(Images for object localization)
####################

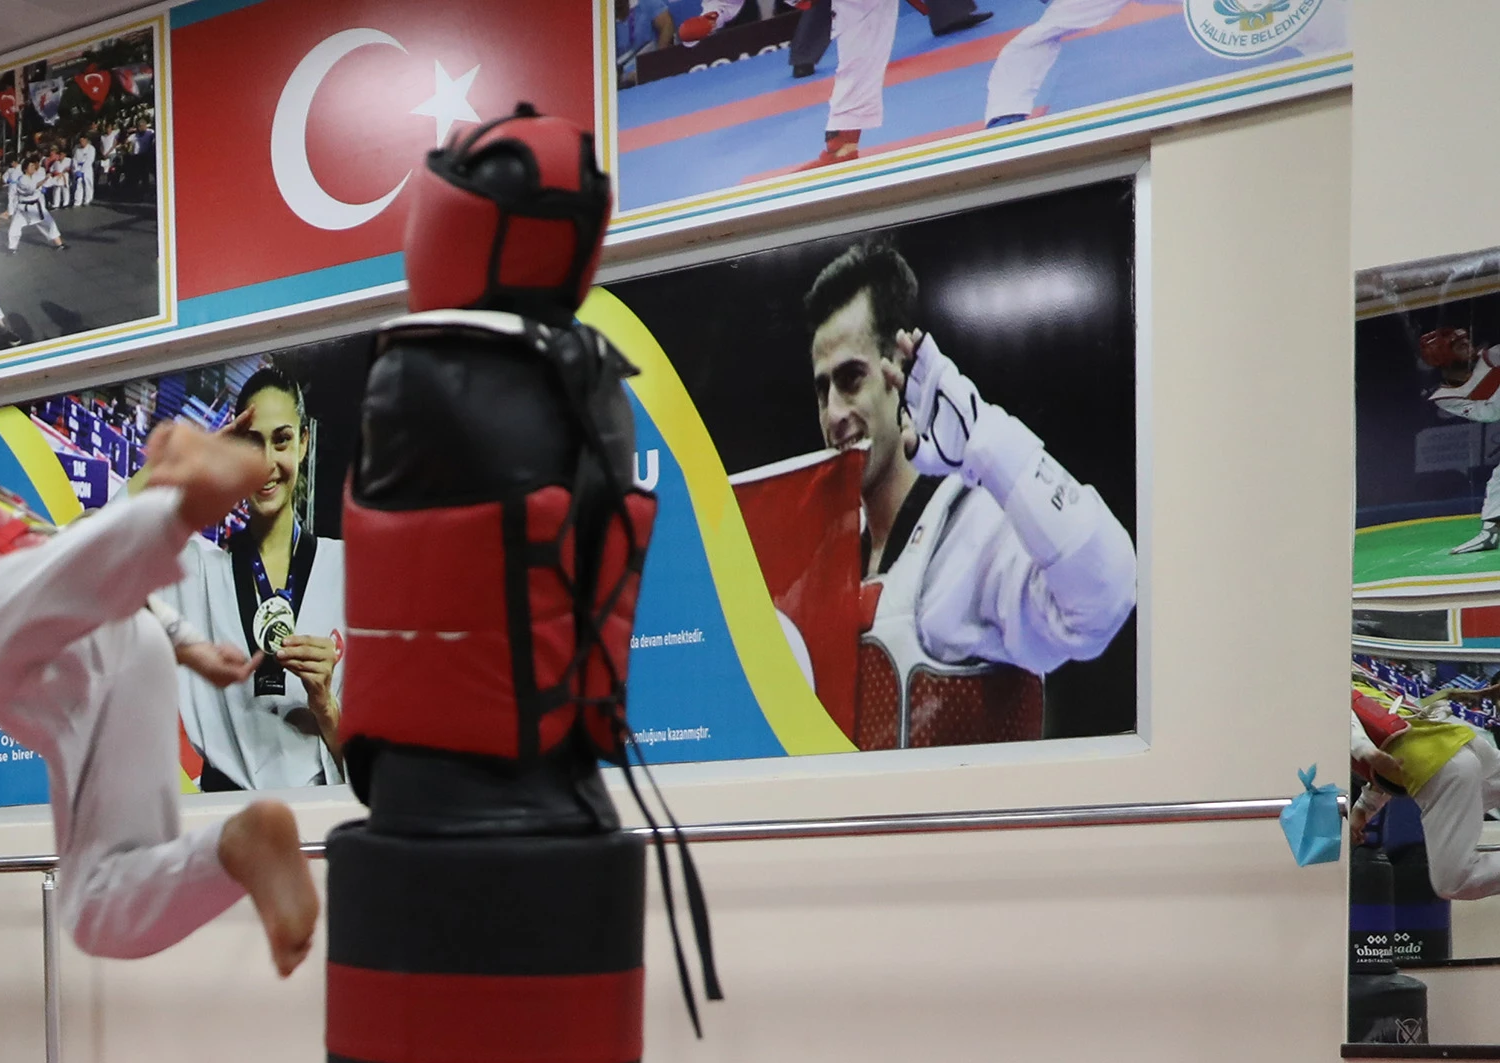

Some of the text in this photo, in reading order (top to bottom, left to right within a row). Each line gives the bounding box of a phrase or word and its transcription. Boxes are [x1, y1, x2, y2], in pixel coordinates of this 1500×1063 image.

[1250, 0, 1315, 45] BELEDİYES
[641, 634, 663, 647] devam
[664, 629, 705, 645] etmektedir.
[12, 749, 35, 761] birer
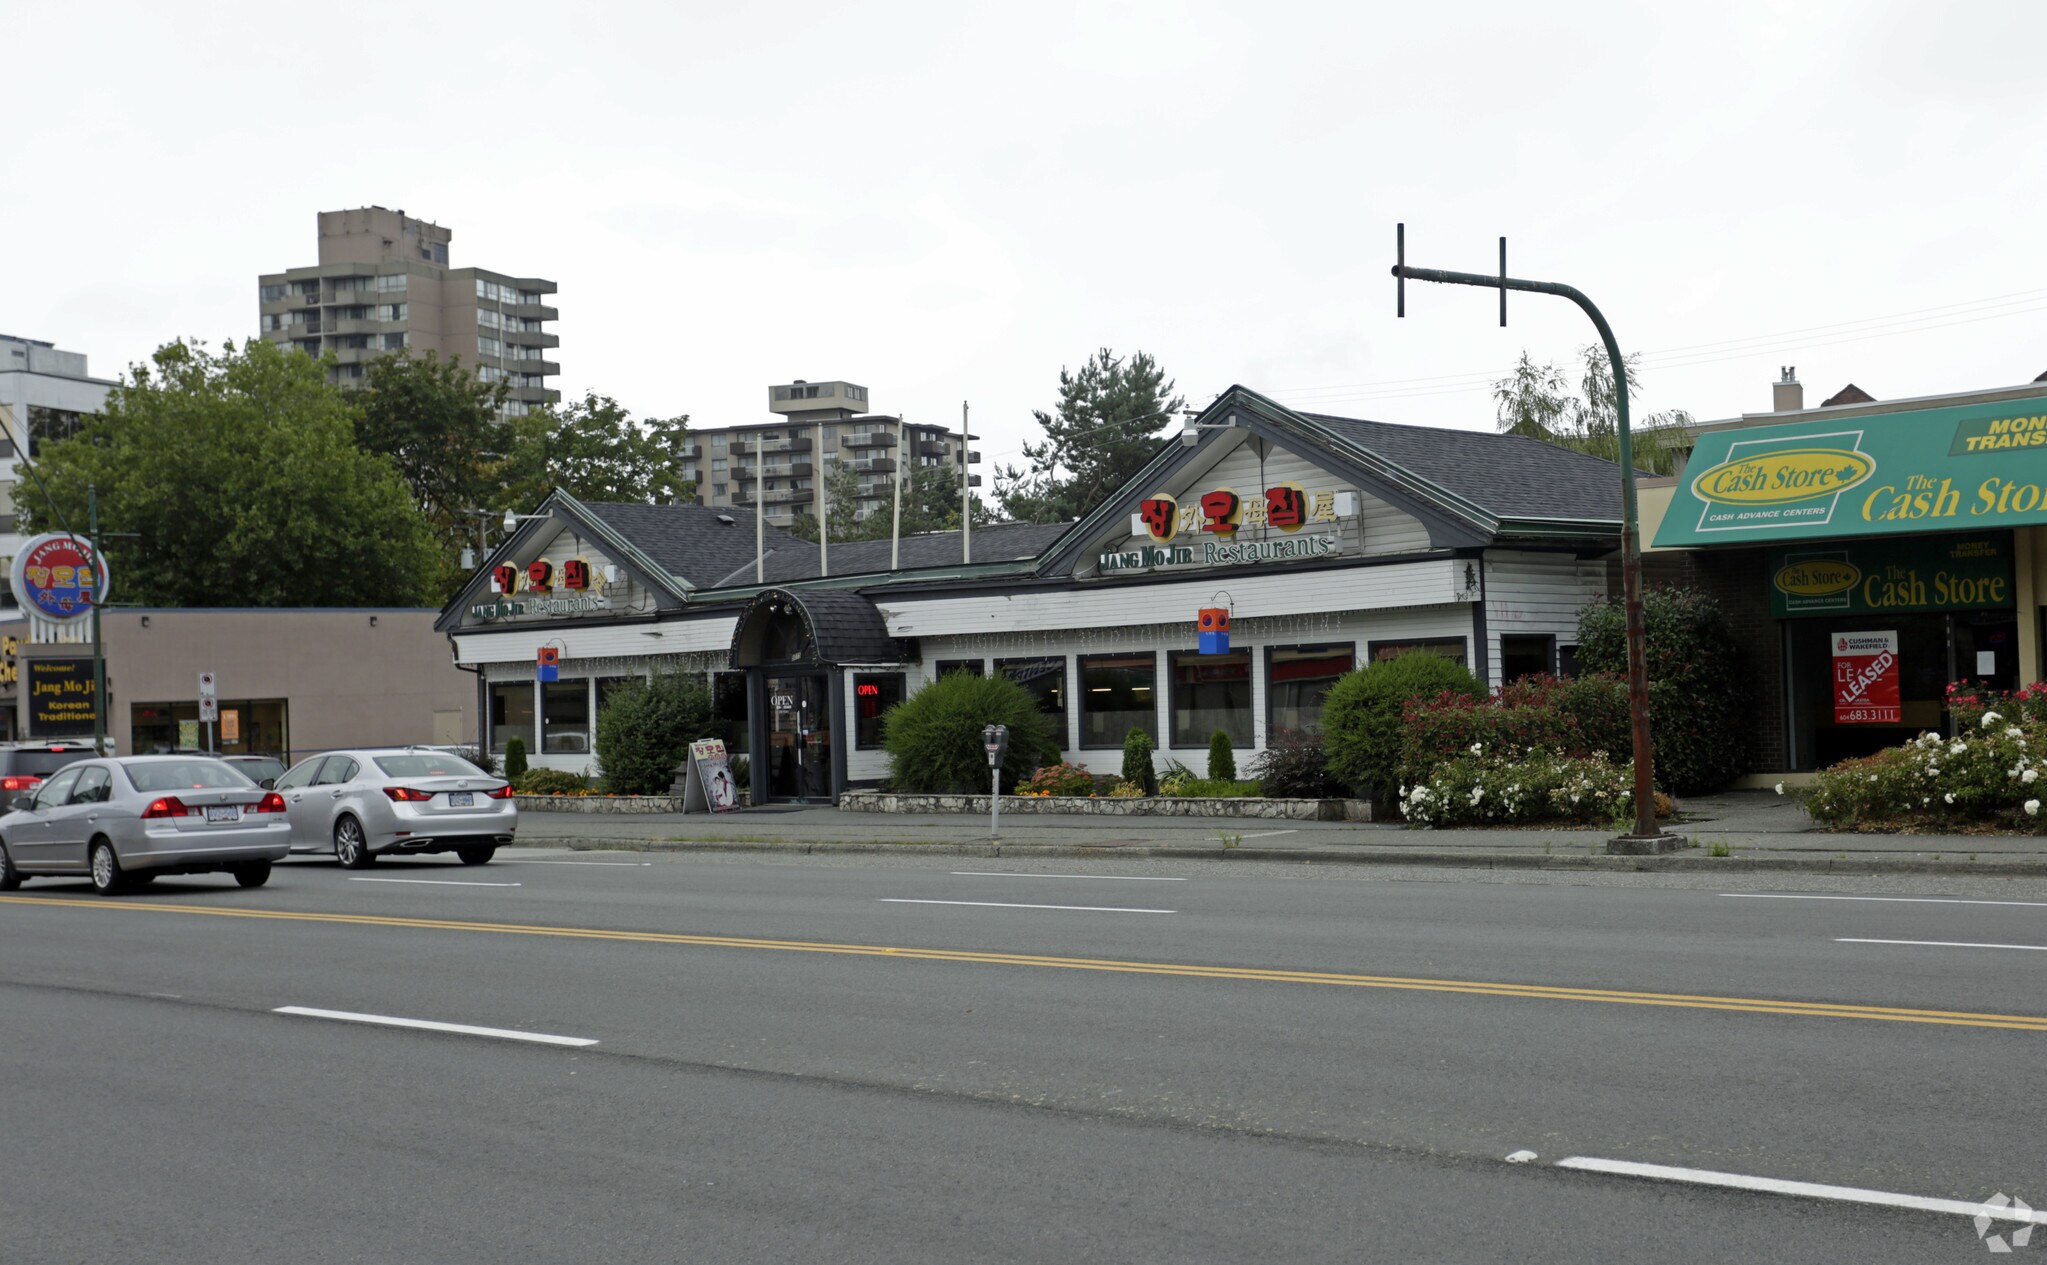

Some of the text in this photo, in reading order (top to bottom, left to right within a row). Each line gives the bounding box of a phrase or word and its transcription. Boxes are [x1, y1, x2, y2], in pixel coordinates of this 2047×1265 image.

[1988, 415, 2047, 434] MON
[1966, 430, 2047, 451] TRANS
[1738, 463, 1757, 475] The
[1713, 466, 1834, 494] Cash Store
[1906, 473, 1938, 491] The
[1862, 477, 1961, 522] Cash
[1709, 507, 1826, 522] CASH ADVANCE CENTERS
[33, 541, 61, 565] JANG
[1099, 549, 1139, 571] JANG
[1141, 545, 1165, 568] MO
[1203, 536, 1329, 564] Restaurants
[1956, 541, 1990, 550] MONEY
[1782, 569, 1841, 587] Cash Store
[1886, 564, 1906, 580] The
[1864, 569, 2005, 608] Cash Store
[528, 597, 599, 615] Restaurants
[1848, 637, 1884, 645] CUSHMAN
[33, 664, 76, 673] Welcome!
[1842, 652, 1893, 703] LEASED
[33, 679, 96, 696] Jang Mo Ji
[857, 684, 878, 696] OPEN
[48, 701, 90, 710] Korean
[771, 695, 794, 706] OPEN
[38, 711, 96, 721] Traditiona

####################

When you copy the data, keep every line exact and leave out each picture.

Some of the text in this photo, in reading order (top to bottom, left to right within a row). Each line gives the bounding box of a phrase or word and its transcription. Boxes are [x1, y1, x2, y2], in pixel coordinates of this 1500×1063 image.

[1250, 0, 1315, 45] BELEDİYES
[641, 634, 663, 647] devam
[664, 629, 705, 645] etmektedir.
[12, 749, 35, 761] birer

Some of the text in this photo, in reading order (top to bottom, left to right within a row). Each line gives the bounding box of a phrase or word and its transcription. Boxes are [x1, y1, x2, y2], in pixel coordinates of this 2047×1265 image.

[1988, 415, 2047, 434] MON
[1966, 430, 2047, 451] TRANS
[1738, 463, 1757, 475] The
[1713, 466, 1834, 494] Cash Store
[1906, 473, 1938, 491] The
[1862, 477, 1961, 522] Cash
[1709, 507, 1826, 522] CASH ADVANCE CENTERS
[33, 541, 61, 565] JANG
[1099, 549, 1139, 571] JANG
[1141, 545, 1165, 568] MO
[1203, 536, 1329, 564] Restaurants
[1956, 541, 1990, 550] MONEY
[1782, 569, 1841, 587] Cash Store
[1886, 564, 1906, 580] The
[1864, 569, 2005, 608] Cash Store
[528, 597, 599, 615] Restaurants
[1848, 637, 1884, 645] CUSHMAN
[33, 664, 76, 673] Welcome!
[1842, 652, 1893, 703] LEASED
[33, 679, 96, 696] Jang Mo Ji
[857, 684, 878, 696] OPEN
[48, 701, 90, 710] Korean
[771, 695, 794, 706] OPEN
[38, 711, 96, 721] Traditiona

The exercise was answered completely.